The dangers of toxic chemicals like 245T, raise more fundamental questions. The labour movement, for instance, must challenge the myth upheld by big business experts that pesticides and insecticides are essential to provide the food that we need. Of course, according to the market economy outlook of big business, it is ‘obvious’ that the solution to the problems of agricultural producers – increasingly dominated by the big monopolies of the ‘agribusiness’ – is for the chemical industry to produce these highly profitable products.

But there are potentially many more effective methods that could be used, with much less harmful results to the environment and to consumers, such as the planned rotation of crops, growing on smaller areas, and the planned management of insect populations.

The horrendous effects of substances like 245T show that safety checks must be introduced long before the chemicals reach the production stage.
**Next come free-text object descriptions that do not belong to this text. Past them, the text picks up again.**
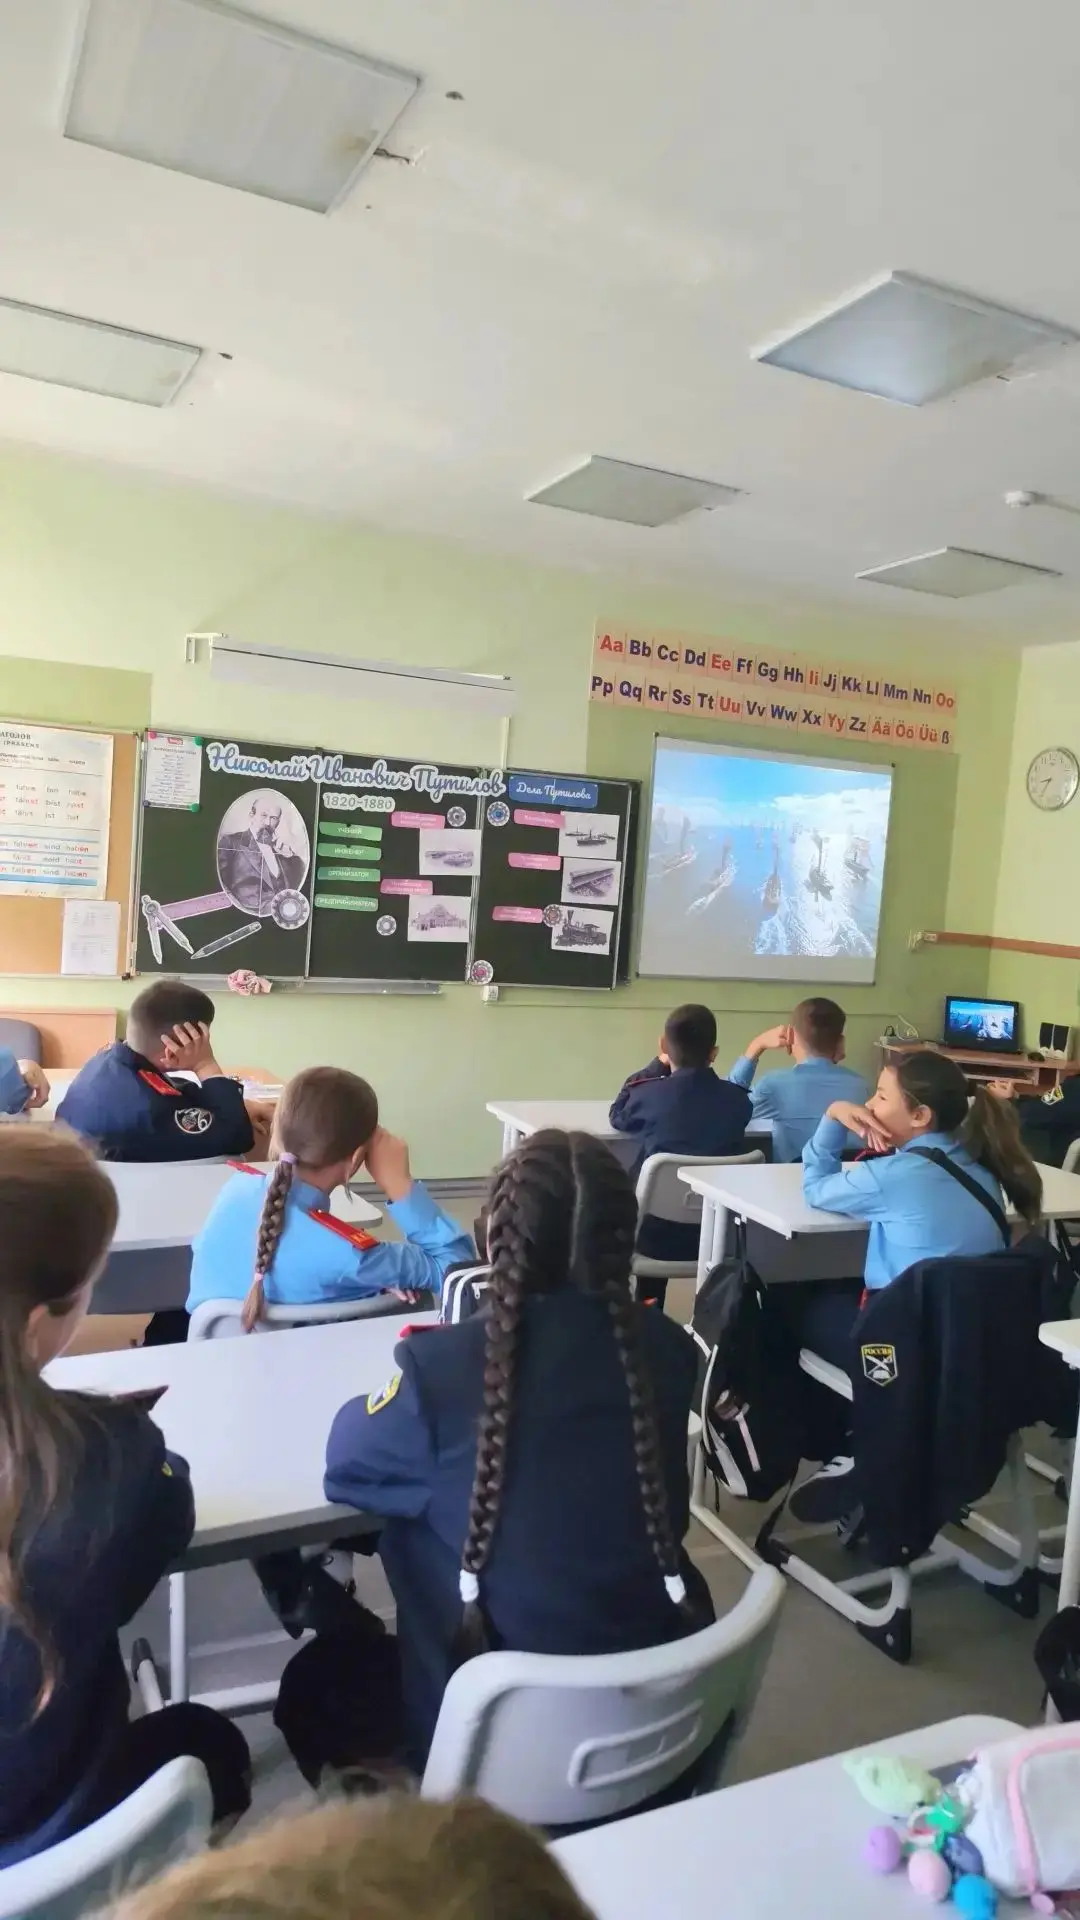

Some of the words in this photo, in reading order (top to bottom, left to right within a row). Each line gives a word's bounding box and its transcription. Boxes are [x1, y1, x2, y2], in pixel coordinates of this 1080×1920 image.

[600, 635, 623, 653] Aa
[629, 639, 651, 658] Bb
[657, 645, 679, 662] Cc
[684, 649, 706, 667] Dd
[711, 653, 731, 671] Ee
[737, 658, 753, 674] Ff
[758, 662, 778, 682] Gg
[784, 666, 803, 683] Hh
[809, 670, 819, 686] Ii
[823, 674, 837, 692] Jj
[841, 676, 861, 693] Kk
[866, 680, 879, 696] Ll
[884, 683, 908, 700] Mm
[913, 688, 932, 704] Nn
[936, 692, 954, 708] Oo
[591, 676, 613, 697] Pp
[619, 680, 642, 702] Qq
[648, 685, 667, 702] Rr
[672, 689, 692, 706] Ss
[698, 692, 714, 710] Tt
[719, 696, 740, 714] Uu
[746, 700, 766, 717] Vv
[771, 704, 797, 722] Ww
[802, 709, 822, 726] Xx
[828, 713, 846, 732] Yy
[849, 716, 867, 732] Zz
[872, 716, 891, 736] Ää
[895, 720, 914, 739] Öö
[919, 723, 938, 743] Üü
[208, 744, 308, 778] Николай
[310, 757, 410, 788] Иванович
[412, 768, 504, 801] Путилов
[516, 781, 543, 795] Дела
[543, 783, 592, 801] Путилова
[324, 794, 393, 811] 1820-1880
The trade unions should be satisfied on safety before production is started. They should also be satisfied that the process for the manufacture of the chemicals are also safe for the workers involved and the surrounding community and environment.

There will always be a fundamental contradiction in capitalist society between the development of sciences and technology, which demands a rational and rounded-out approach, and the application of the results of science by big business enterprises, which are primarily concerned to maximise their profits and whose operations are at every stage conditioned by the anarchy of the market and competition with their rivals.

The potentially disastrous results of the one-sided and short sighted development of new chemicals, new biological agents, and other enormously powerful physical processes, make it more than imperative that science and technology is taken out of the hands of the capitalist class and put into the hands of the working people through the socialist reorganisation of production.